July 21, 1993|By James M. Coram | James M. Coram,Staff Writer

Residents hoping to save time and money on their appeal of the protracted Waverly Woods zoning case cannot do it by transcribing the testimony themselves, Howard Circuit Court Judge Cornelius F. Sybert Jr. has ruled.

Jean Iampieri Quattlebaum, Peter Burdette and Robert Donohue, who are appealing the Waverly case on behalf of a group called Citizens Allied for Rational Expansion, had wanted a person of their choosing to do the transcript.

The county contended before Judge Sybert on July 2 that only Zoning Board clerk Robin Regner or her designate can do the transcribing -- an after-hours labor Ms. Regner estimated would cost about $10,000.

Ms. Quattlebaum and the other appellants told Judge Sybert they could have the transcription done by someone else at about half the cost.
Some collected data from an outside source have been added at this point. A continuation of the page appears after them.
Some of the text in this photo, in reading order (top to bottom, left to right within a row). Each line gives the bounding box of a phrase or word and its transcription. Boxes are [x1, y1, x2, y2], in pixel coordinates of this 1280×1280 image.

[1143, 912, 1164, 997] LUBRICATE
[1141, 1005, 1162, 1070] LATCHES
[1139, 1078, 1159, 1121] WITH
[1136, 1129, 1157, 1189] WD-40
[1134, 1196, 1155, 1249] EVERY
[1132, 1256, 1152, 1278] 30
Cost is irrelevant, Deputy County Solicitor Paul T. Johnson said. He told the judge that the Zoning Board's rules of procedure require that the clerk be responsible for transcriptions. She can either do the work herself or contract it out, but she must certify that the transcripts are valid, Mr. Johnson said.

Judge Sybert agreed. In a three-page memorandum and order issued July 15, he said the Zoning Board's rules "require that the appealing party request and pay for the cost of providing a transcript of testimony," and that according to the Maryland Rules of Procedure, those costs must be paid in advance.
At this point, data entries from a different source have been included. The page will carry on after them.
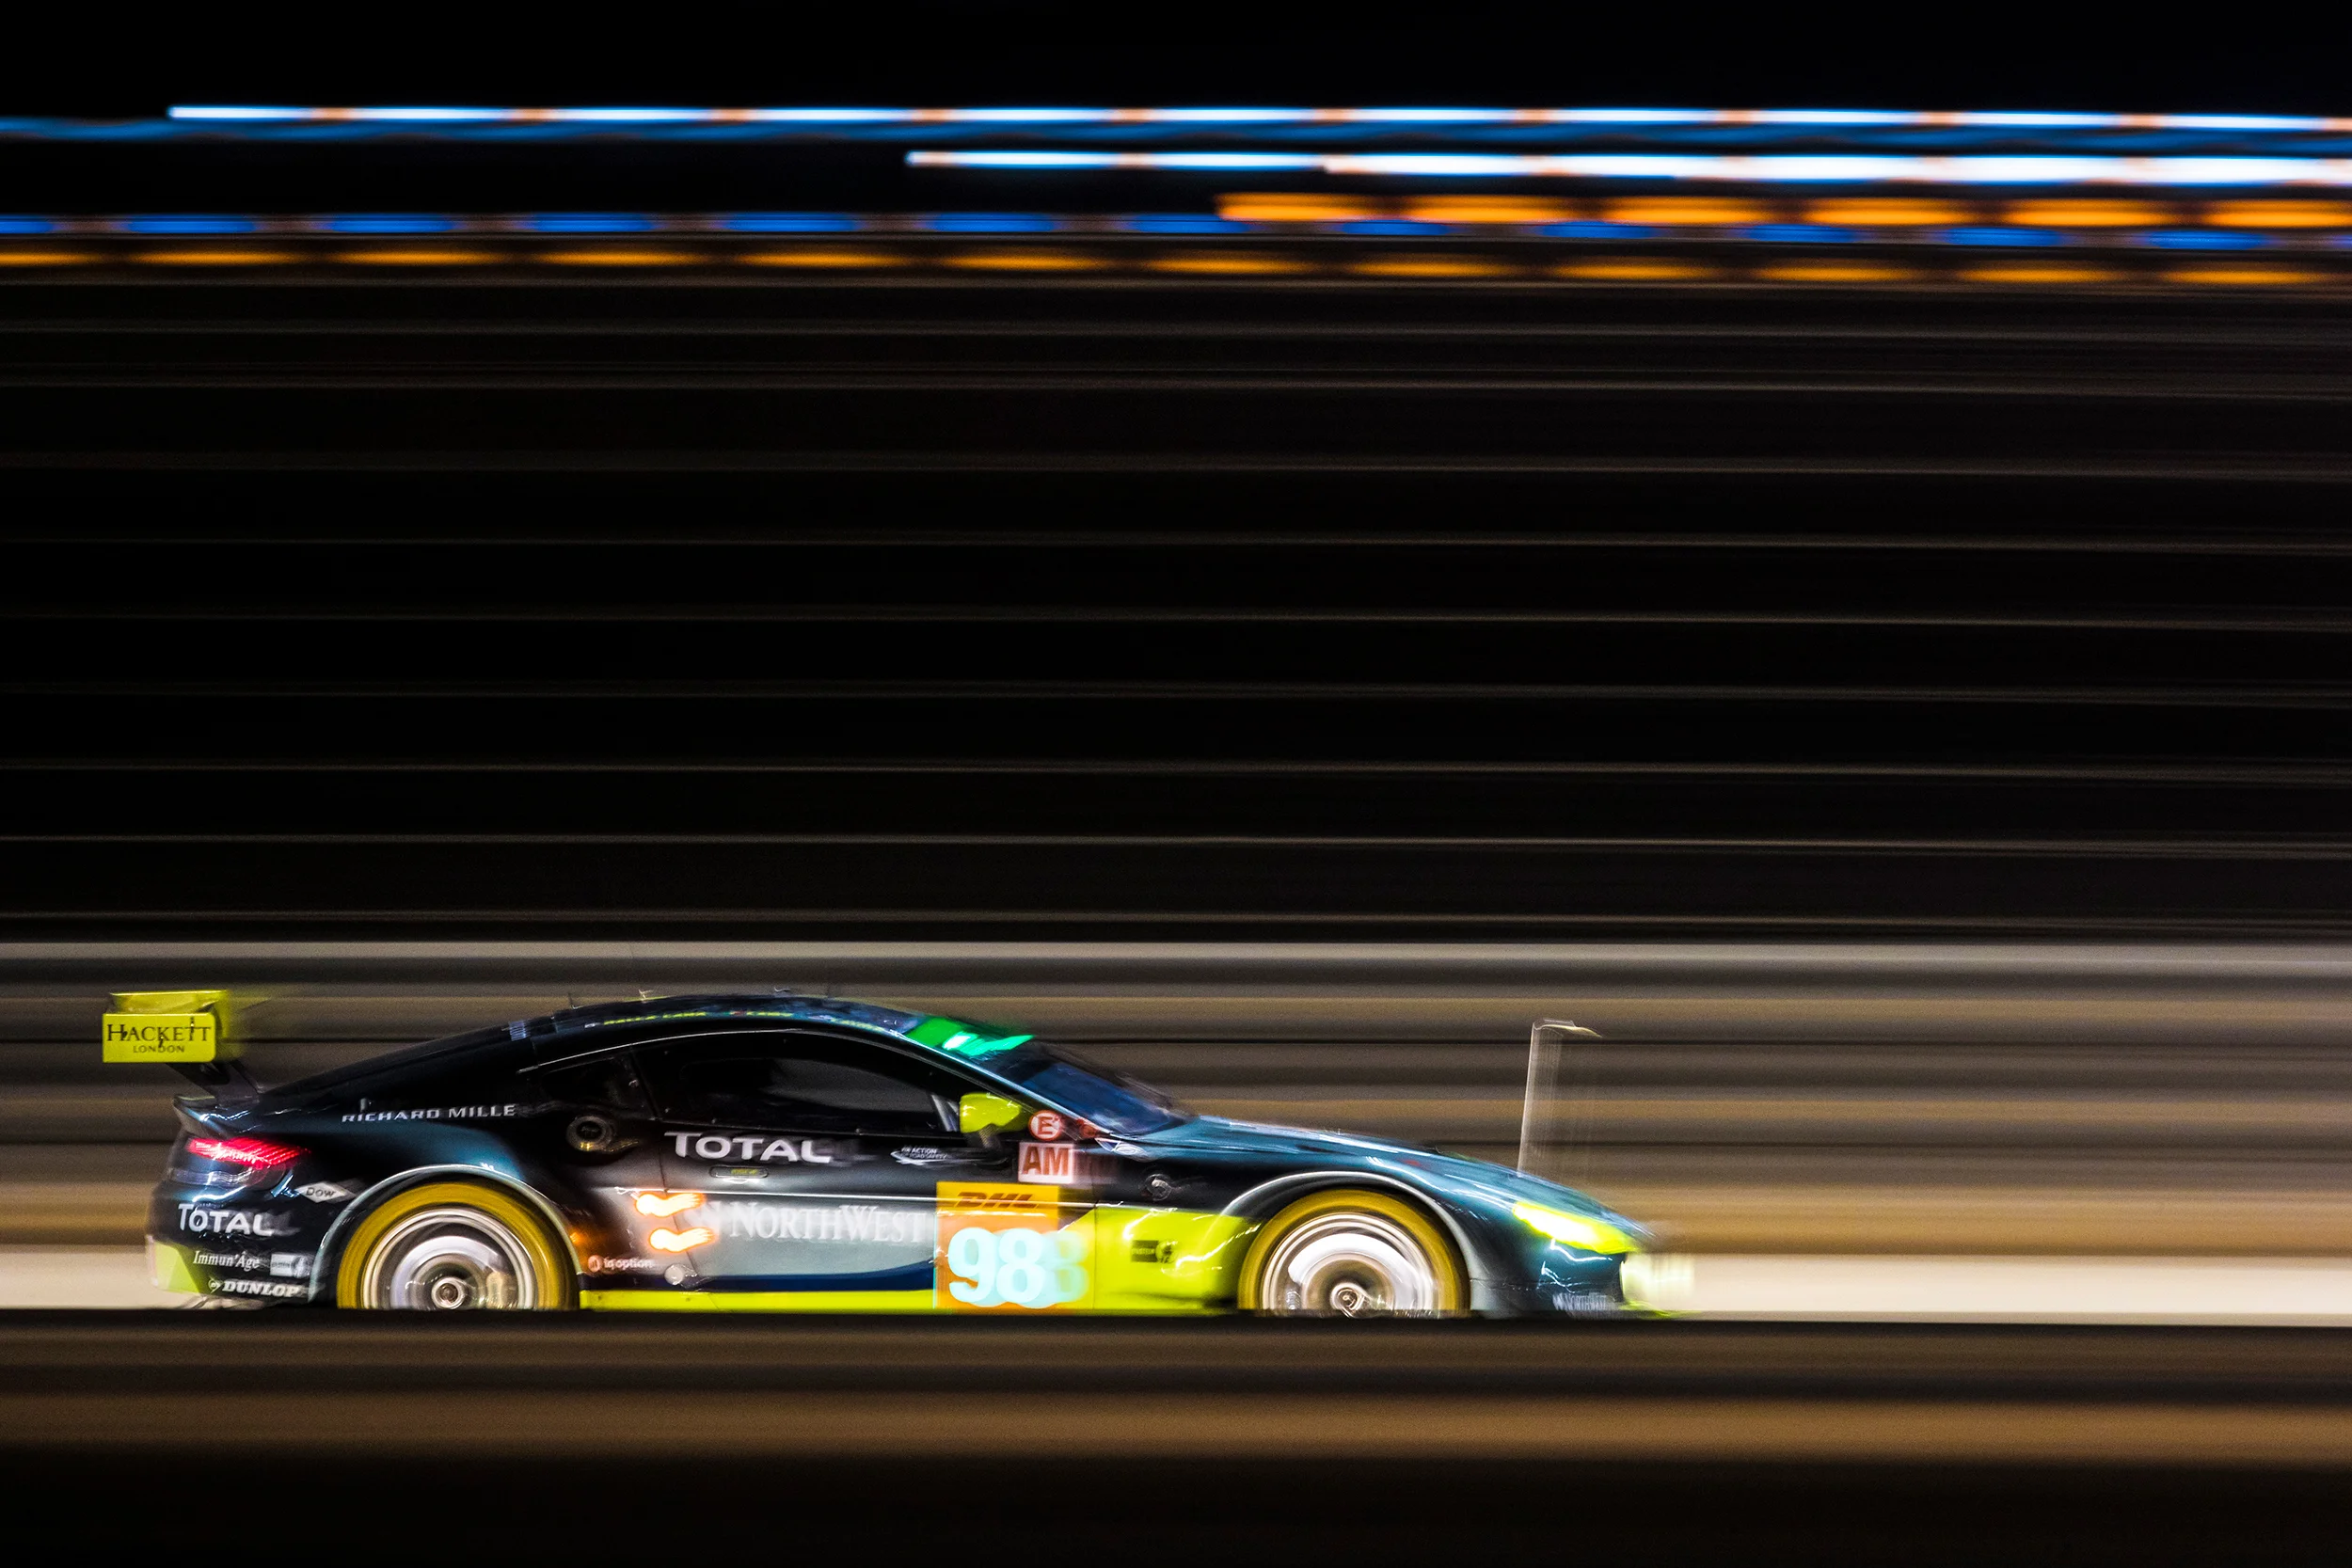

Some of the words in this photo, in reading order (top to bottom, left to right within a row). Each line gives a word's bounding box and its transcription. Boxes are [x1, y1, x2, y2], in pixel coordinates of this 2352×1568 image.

[106, 1023, 212, 1042] HACKETT
[133, 1044, 185, 1053] LONDON
[342, 1110, 440, 1123] RICHARD
[448, 1103, 516, 1118] MILLE
[664, 1132, 832, 1164] TOTAL
[1022, 1145, 1070, 1177] AM
[953, 1192, 1040, 1209] DHL
[178, 1203, 274, 1237] TOTAL
[730, 1201, 928, 1243] NORTHWEST
[947, 1227, 1048, 1305] 98
[222, 1279, 300, 1297] DUNLOP
"Allowing the appellants to prepare the transcript themselves . . . [is] not in accordance with the Howard County Zoning Board's Rules of Procedure and [is] not permitted by law," Judge Sybert said.
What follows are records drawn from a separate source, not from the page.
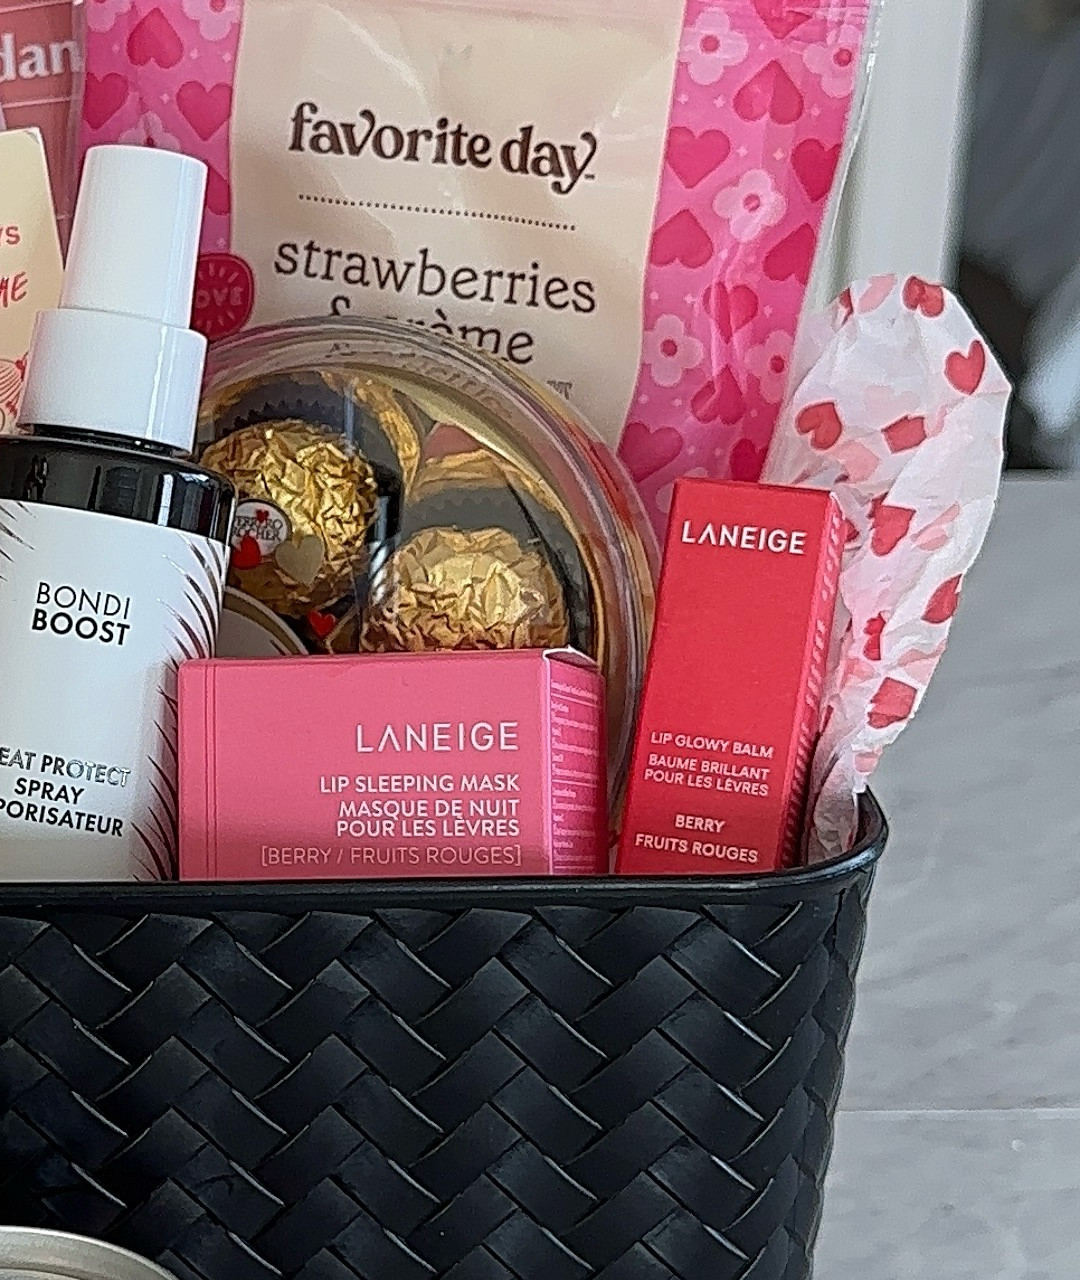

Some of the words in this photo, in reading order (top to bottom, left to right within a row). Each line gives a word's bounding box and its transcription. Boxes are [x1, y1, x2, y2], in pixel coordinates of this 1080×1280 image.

[288, 101, 493, 169] favorite
[499, 124, 598, 195] day
[274, 239, 597, 314] strawberries
[195, 286, 244, 308] OVE
[681, 520, 808, 556] LANEIGE
[35, 581, 132, 620] BONDI
[31, 609, 131, 646] BOOST
[356, 721, 520, 754] LANEIGE
[650, 731, 673, 746] LIP
[674, 734, 730, 753] GLOWY
[732, 741, 774, 759] BALM
[40, 754, 131, 788] PROTECT
[648, 753, 698, 773] BAUME
[700, 759, 771, 781] BRILLANT
[13, 776, 85, 806] SPRAY
[320, 776, 350, 794] LIP
[354, 774, 455, 793] SLEEPING
[460, 773, 520, 792] MASK
[644, 768, 685, 787] POUR
[686, 774, 714, 790] LES
[715, 775, 770, 797] LÈVRES
[338, 800, 428, 820] MASQUE
[435, 799, 463, 818] DE
[470, 798, 520, 817] NUIT
[674, 813, 725, 834] BERRY
[336, 820, 395, 838] POUR
[402, 819, 437, 837] LES
[442, 814, 520, 837] LÈVRES
[261, 846, 332, 867] [BERRY
[335, 847, 344, 865] /
[350, 846, 420, 865] FRUITS
[426, 845, 521, 866] ROUGES]
[635, 833, 688, 854] FRUITS
[691, 842, 759, 864] ROUGES
Thomas E. Dernoga, an attorney for Ms. Quattlebaum and the citizens' group, argued unsuccessfully that the fact that Ms. Regner does the transcripts on her own time and sets her own fee for doing them makes her an independent contractor. Even if she farms most of the work out, her control of the process gives "an air of impropriety," Mr. Dernoga said.

Mr. Dernoga also objected to the amount of time Ms. Regner said she would need to make the transcripts -- about four months. He told Judge Sybert the citizens group could get the work done in 30 to 45 days for about $2,000 to $4,000. A quick turnaround time is essential, he said, since the Waverly case is being appealed.

Mr. Johnson said the fees Ms. Regner charges are "not out of line," and are cheaper than some other clerks charge.

During the July 2 hearing, Judge Sybert said court clerks do the same thing Ms. Regner does. He said he assumed zoning clerks in other counties also do likewise and asked Mr. Dernoga if he knew of practices elsewhere.

Mr. Dernoga said he believes Prince George's County allows appellants to contract with anyone for transcripts.